Secara ethos atau kredibilitas, Purbaya dinilai berusaha untuk membangun kredibilitas dengan mengaku pernah membantu SBY dan Jokowi. Purbaya ingin menunjukkan kepada publik bahwa ia adalah sosok yang kredibel.
Hal itu, menurutnya, lumrah dilakukan karena figur Purbaya belum begitu dikenal banyak orang.
“Wajar sebagai pejabat publik baru dia mencoba menjual ‘jualannya’. Kalau bahasa saya, dengan menyebut figur-figur, (itu) untuk menunjukkan bahwa dia orang yang bisa kerja, dia punya CV, dia punya kredensial yang bagus. Itu bisa dipahami,” jelas Whisnu kepada kompas.com.

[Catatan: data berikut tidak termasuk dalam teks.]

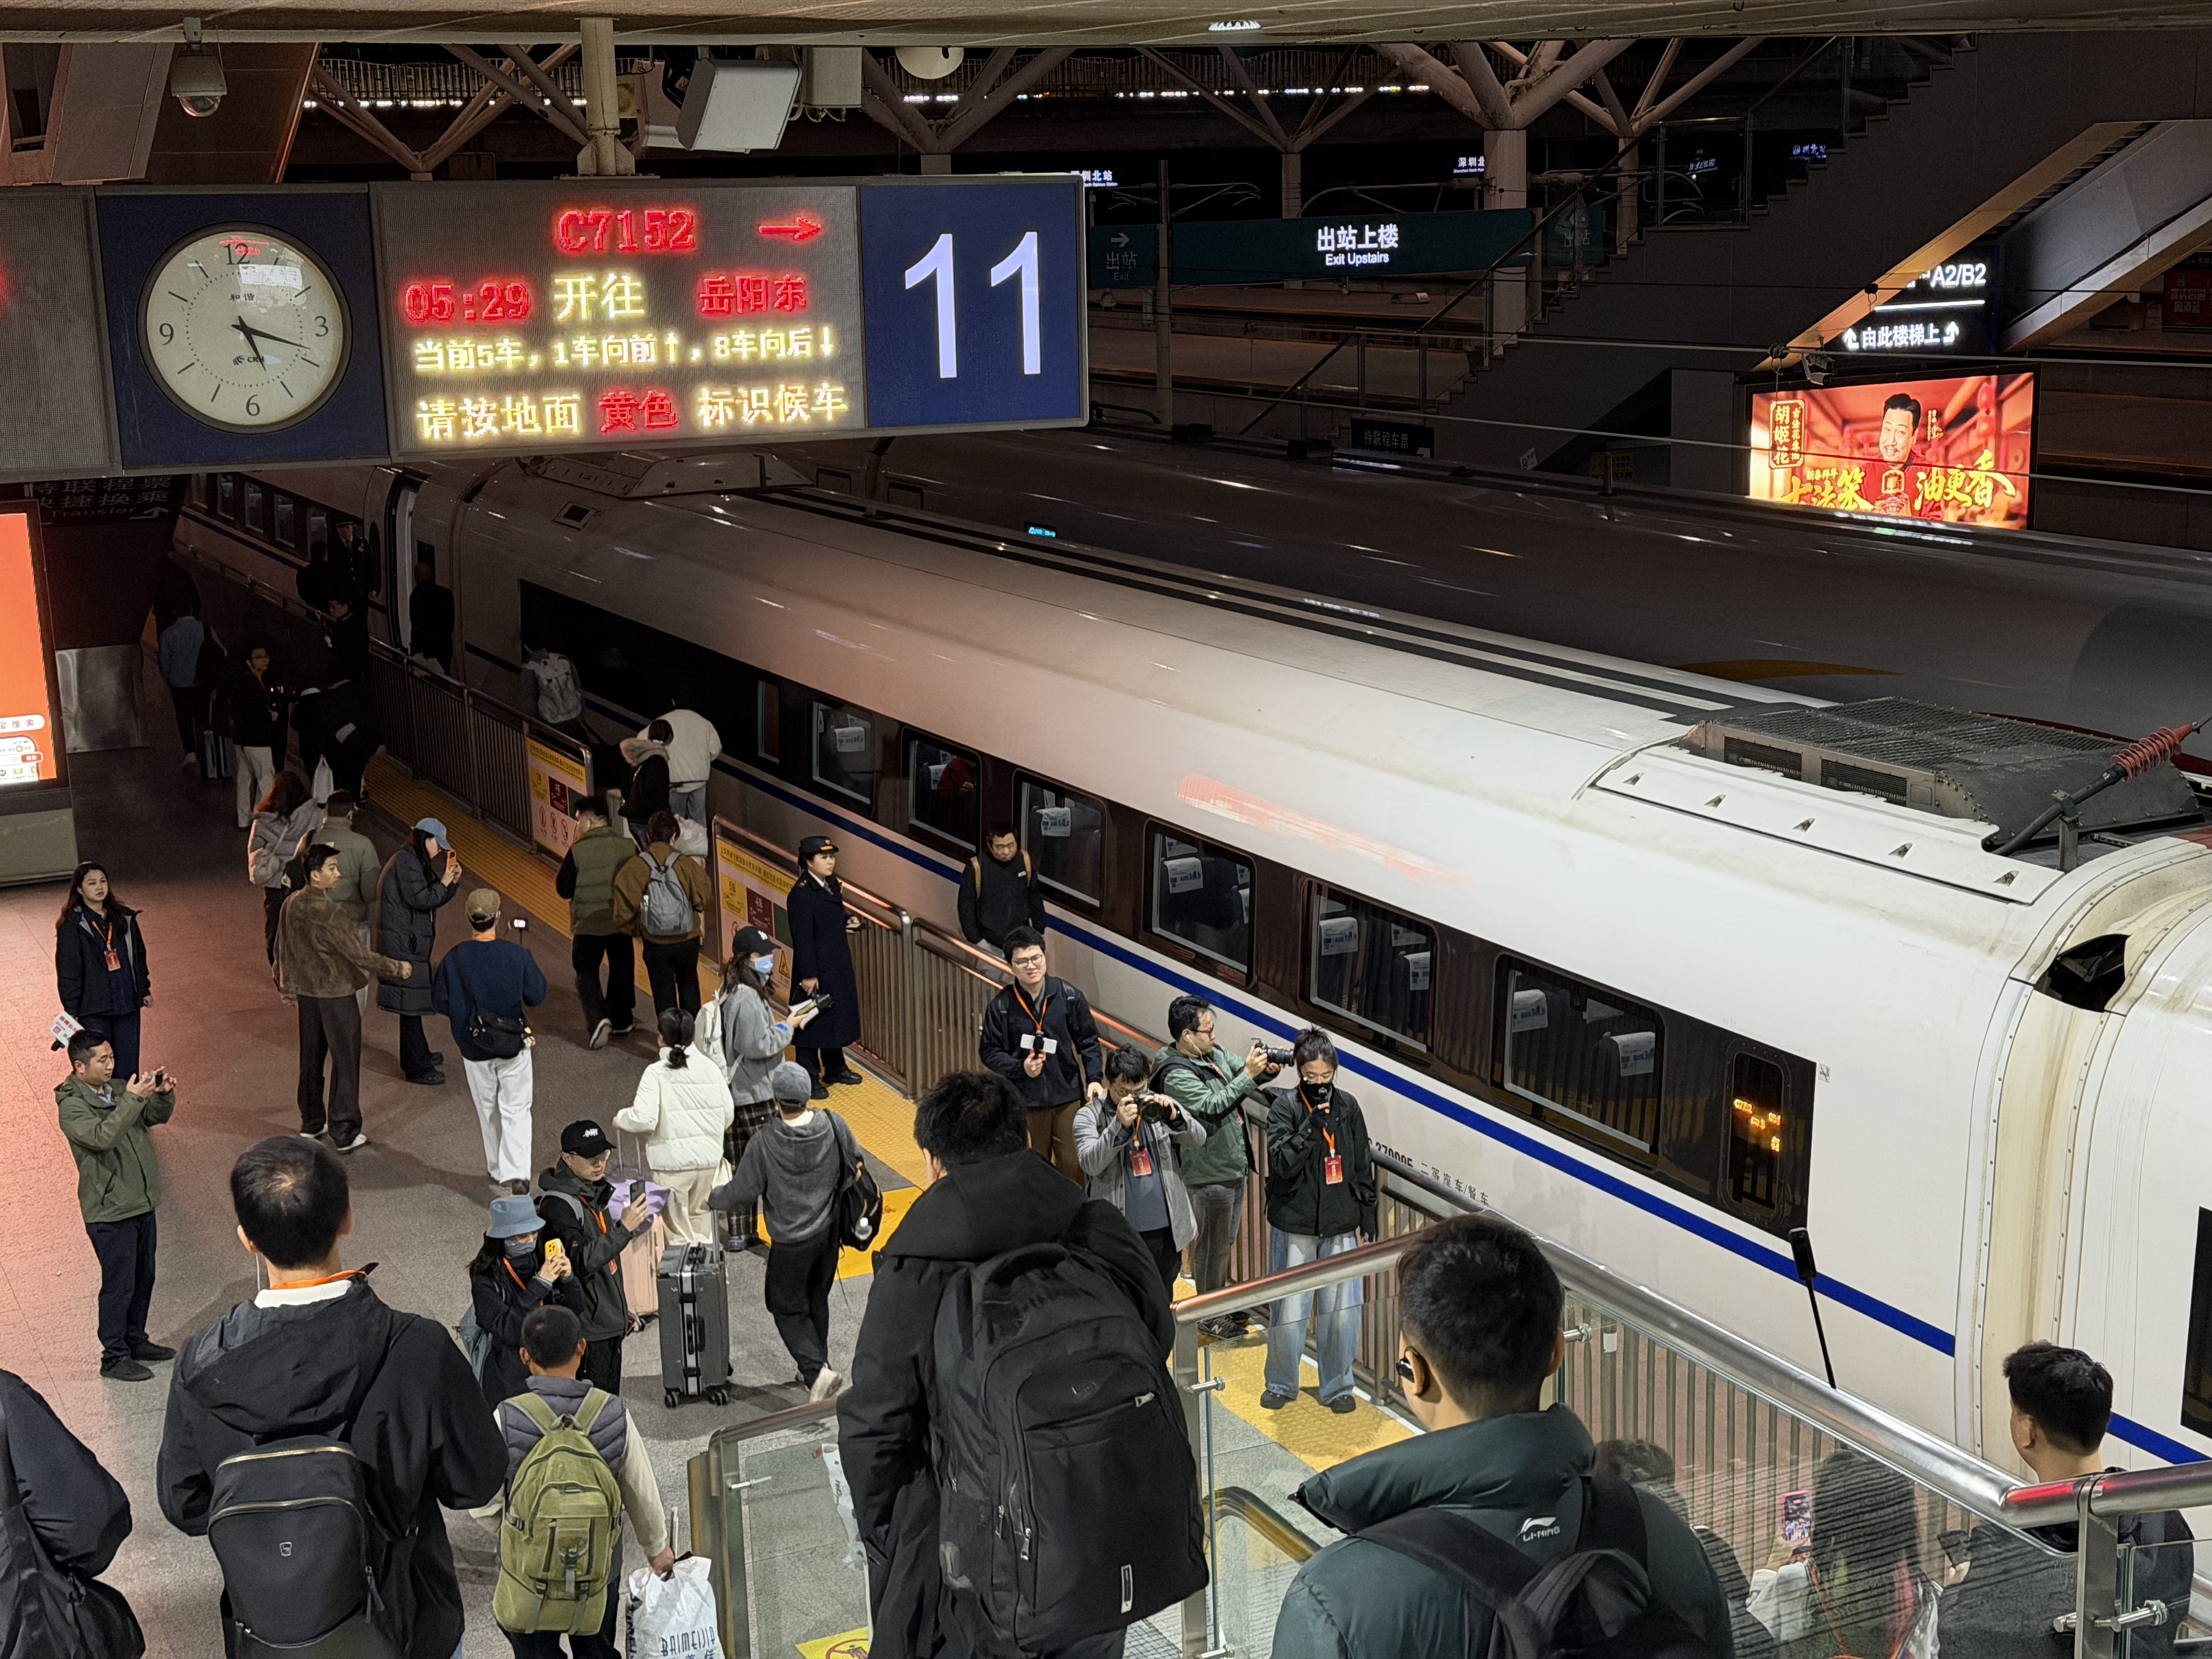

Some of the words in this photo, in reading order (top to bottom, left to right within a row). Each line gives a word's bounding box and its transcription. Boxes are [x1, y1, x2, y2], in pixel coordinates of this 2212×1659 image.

[558, 210, 696, 252] C7152
[1317, 223, 1398, 252] 出站上楼
[223, 244, 250, 265] 12
[1107, 251, 1138, 270] 出站
[1325, 253, 1345, 266] Exit
[1347, 251, 1390, 267] Upstairs
[1930, 263, 1987, 289] A2/B2
[229, 293, 255, 302] 和谐
[405, 283, 531, 321] 05:29
[552, 273, 646, 322] 开往
[698, 273, 808, 314] 岳阳东
[905, 232, 1041, 379] 11
[159, 323, 174, 346] 9
[314, 315, 329, 337] 3
[1861, 323, 1940, 350] 由此楼梯上
[246, 394, 261, 416] 6
[416, 393, 581, 440] 请按地面
[599, 390, 679, 433] 黄色
[697, 382, 848, 428] 标识候车
[1364, 428, 1409, 450] 持联程车票
[1773, 405, 1790, 465] 胡姬花
[1791, 407, 1801, 461] 古法花生油
[1805, 467, 1838, 481] 新春拜年
[1914, 449, 2017, 511] 油更香
[1420, 1162, 1489, 1206] 二等座车/餐车

Namun, ia mengingatkan bahwa komunikator harus memahami suasana kebatinan publik karena berkaitan dengan pathos atau emosi dari pendengar.
Menurutnya, saat ini publik dalam kondisi yang sedang tidak baik-baik, sehingga komunikator harus bisa membuat ucapan yang berempati.
Diksi yang tepat untuk diucakann Purbaya, menurut Whisnu, adalah diksi yang lebih netral dengan menyebutkan bidang pekerjaan yang relevan dengan posisinya sebagai menteri.
Terakhir, kata Whisnu, dalam menyampaikan statemen, Purbaya hendaknya juga memahami logos atau kumpulan bukti logis untuk dirinya sendiri.
Whisnu menilai, publik membaca gaya bicara Purbaya sebagai hal yang tidak logis karena ia baru dilantik menjadi Menkeu, akan tetapi telah mengatakan bahwa masalah ekonomi bisa dipecahkan, ditambah mengaku pernah membantu sejumlah pihak di pemerintahan.
"Publik kan juga enggak lihat fakta dan evidensinya dari Beliau, karena kan belum tahu rekam jejaknya. Jadi, kebatinan publik masih anti dengan, mungkin dengan pejabat publik yang kita lihat dari kasus anggota DPR, kan arogansi juga kan ucapannya,” kata Whisnu.
Ia menangkap opini publik atas apa yang dikatakan Purbaya adalah bahwa Menkeu Baru itu terlalu percaya diri, mengecilkan permasalahan dan situasi Indonesia saat ini, dan seterusnya.
"Adahal dia baru dilantik dan belum kerja," pungkasnya. (rhm)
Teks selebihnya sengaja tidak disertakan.